Solved – Gaussian neighborhood function and non linear learning rate for self-organizing map in R

clusteringrself organizing maps

I've been working on SOMs and how to get the best clustering results.
One approach could be to try many runs and choose the clustering with the lowest within sum of squared errors.

However, I do not only want to initialize random values and have several tries, but also want to choose good parameters.
I have read in "Influence of Learning Rates and Neighboring Functions on Self-Organizing Maps" (Stefanovic 2011) that if you do not know which parameters for the neighborhood function and learning rate to choose, it is probably the best option to choose a gaussian function and a nonlinear learning rate.

My data is a time series lets say:

matrix(c(sample(seq(from = 10, to = 20, by = runif(1,min=1,max=3)), size = 5000, replace = TRUE),(sample(seq(from = 15, to = 22, by = runif(1,min=1,max=4)), size = 5000, replace = TRUE)),(sample(seq(from = 18, to = 24, by = runif(1,min=1,max=3)), size = 5000, replace = TRUE))),nrow=300,ncol=50,byrow = TRUE) -> data

which has 300 observations with 50 values each. 100 observations each tend to be more similar.

I'm working with the kohonen package.

The code:

grid<-somgrid(4,3,"hexagonal")

kohonen<-som(data,grid)

matplot(t(kohonen$codes),col=kohonen$unit.classif,type="l")

gives me clusters with values between 10 to 22, which is similar to the obersations

enter image description here

I tried the "som" package, too, which offers a gaussian neighborhood function and a inverse-time learning rate.

som<-som(data,4,3,init="random",alphaType="inverse",neigh="gaussian")

som$visual[,4]<-with(som$visual,interaction(som$visual[,1],som$visual[,2]))

som$visual[,4]<-as.numeric(as.factor(som$visual[,4]))

matplot(t(som$code),col=som$visual[,4],type="l")
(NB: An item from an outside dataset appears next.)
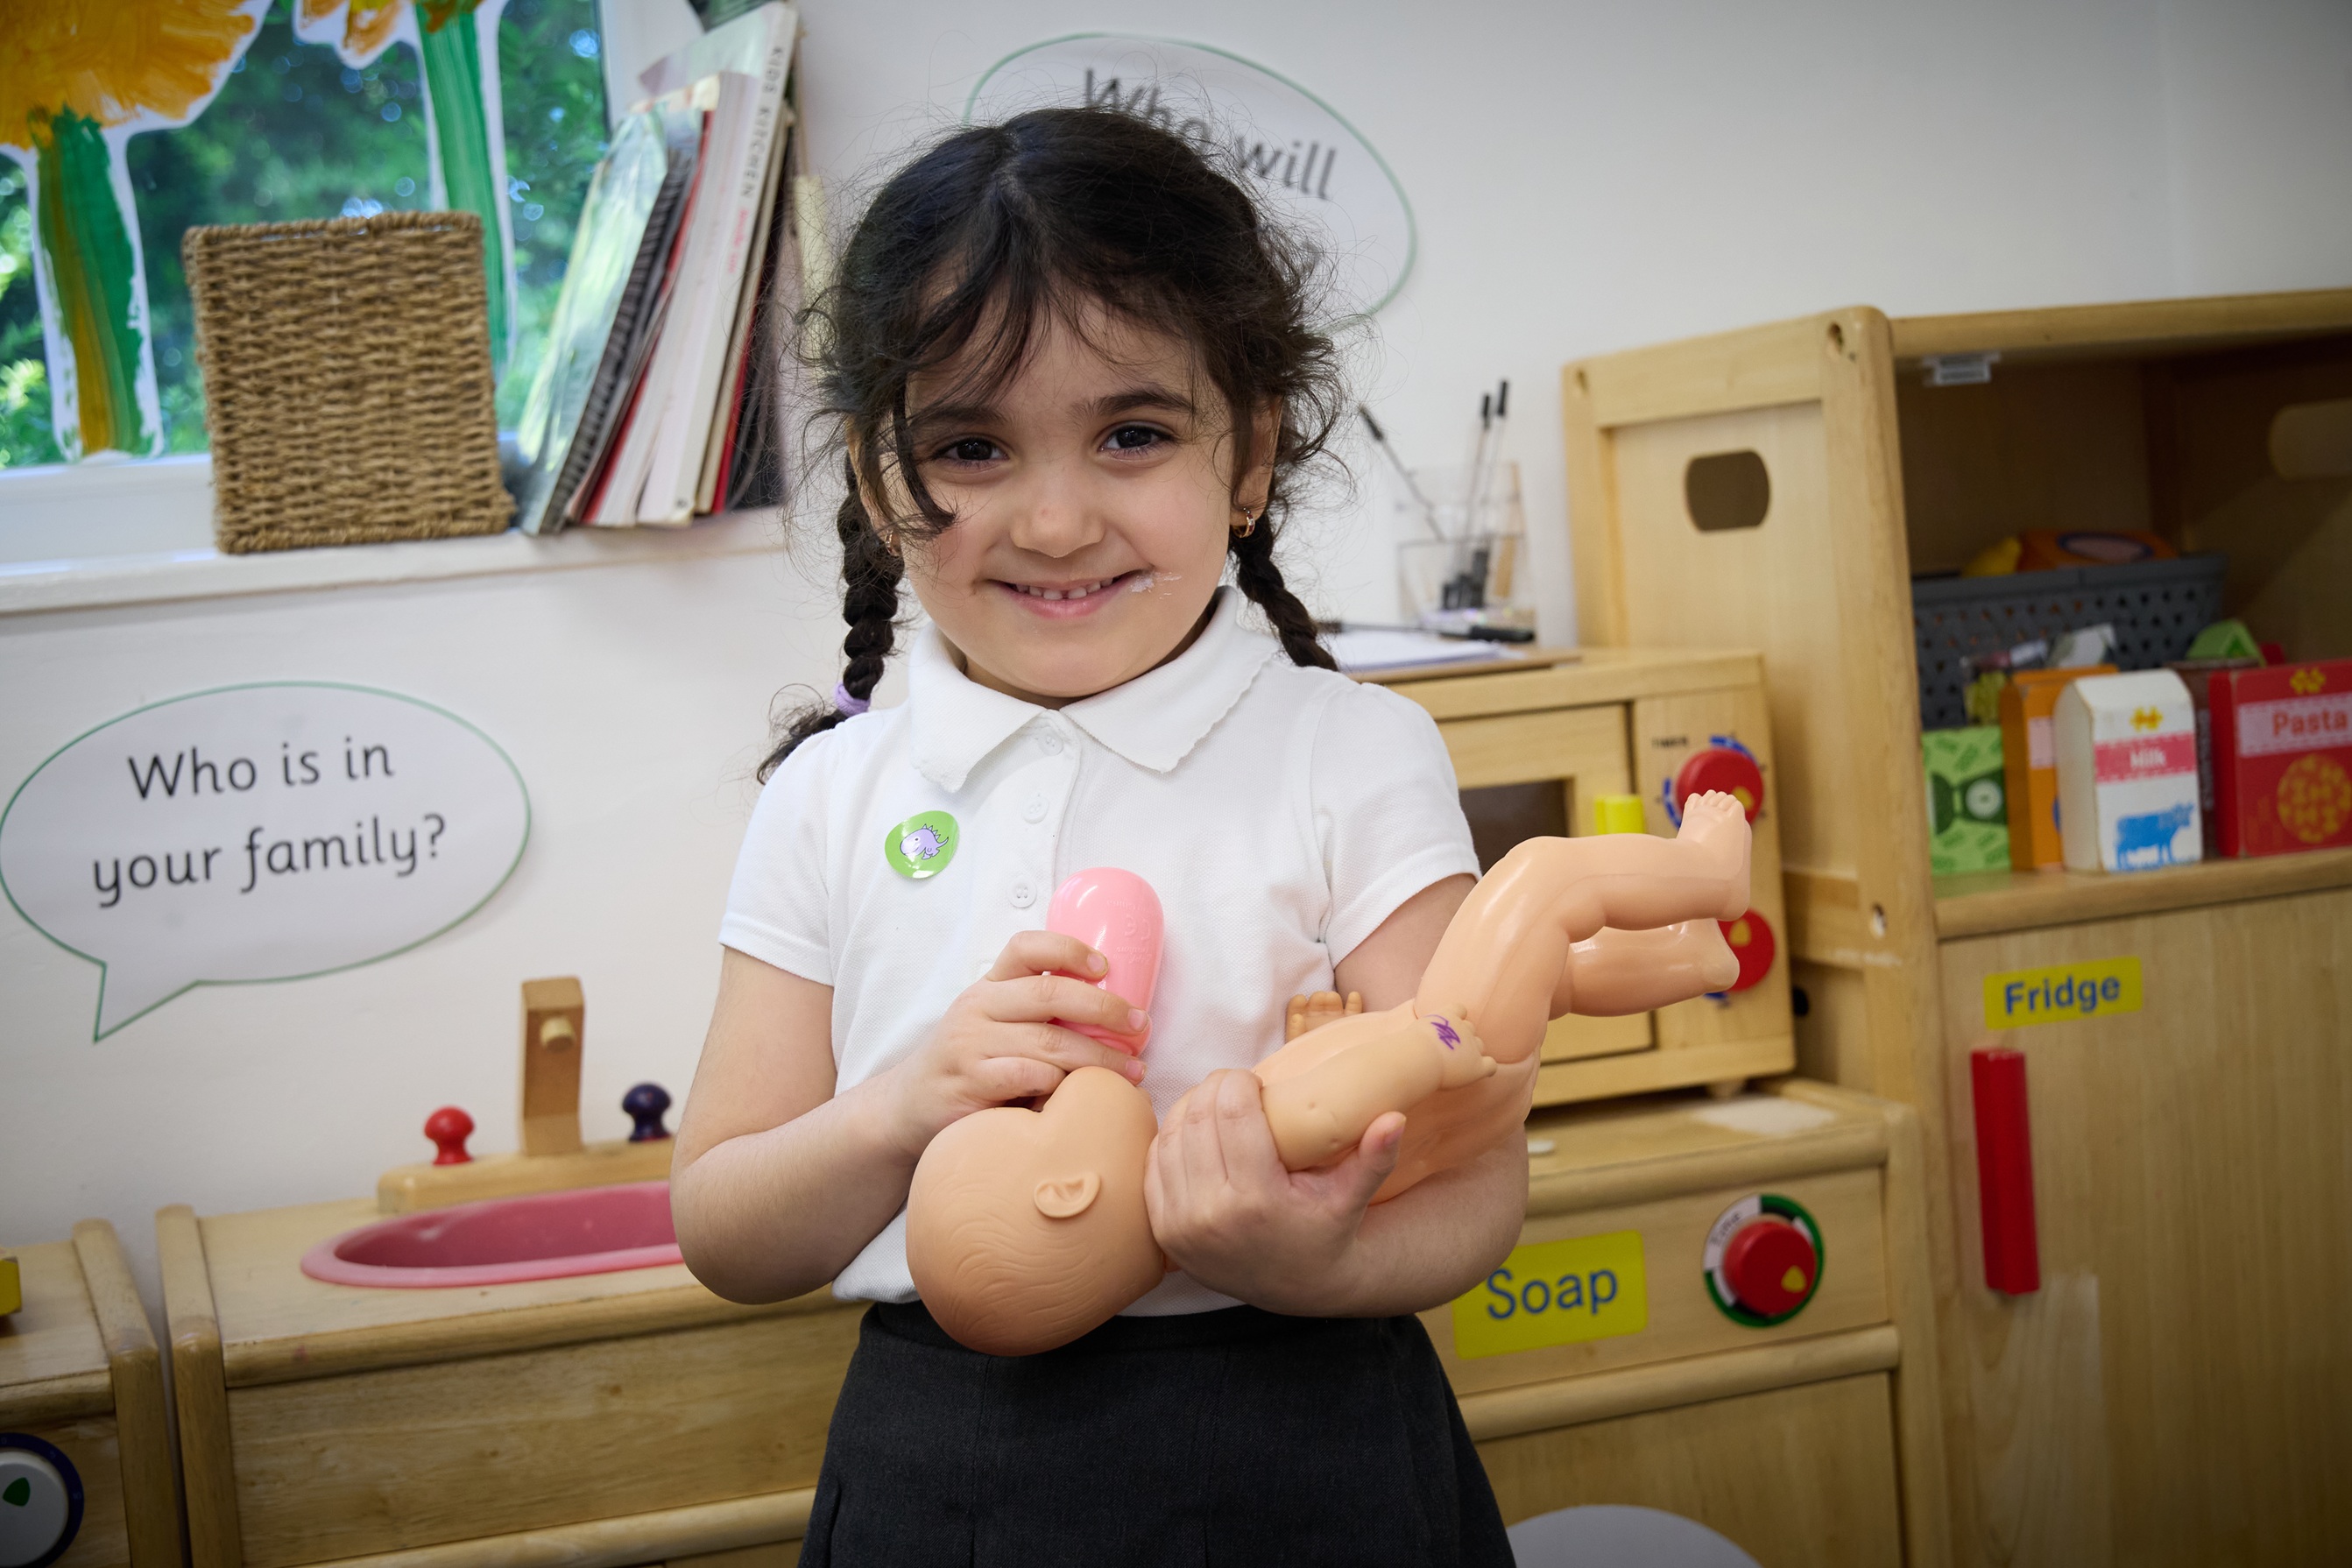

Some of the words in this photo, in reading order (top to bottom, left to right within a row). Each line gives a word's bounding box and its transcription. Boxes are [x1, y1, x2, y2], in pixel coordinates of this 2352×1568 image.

enter image description here

Here I get clusters with values between 15 and 18, so all clusters "shrink" and get more similar. With different input series I get the same phenomena

My two questions:

  1. Why do clusters from the self-organizing map with the som package get so extraordinarily similar and shrink to a much smaller range, even though it is said that you get good clusters with gaussian neigborhood function and non linear learning rate?
  2. How can I avoid this range shrinking with a gaussian neigborhood function and a non linear learning rate in order to get appropriate clusters?

Best Answer

One key difference is that kohonen uses batch learning while som uses incremental learning. This can be the cause of the differences you are seeing.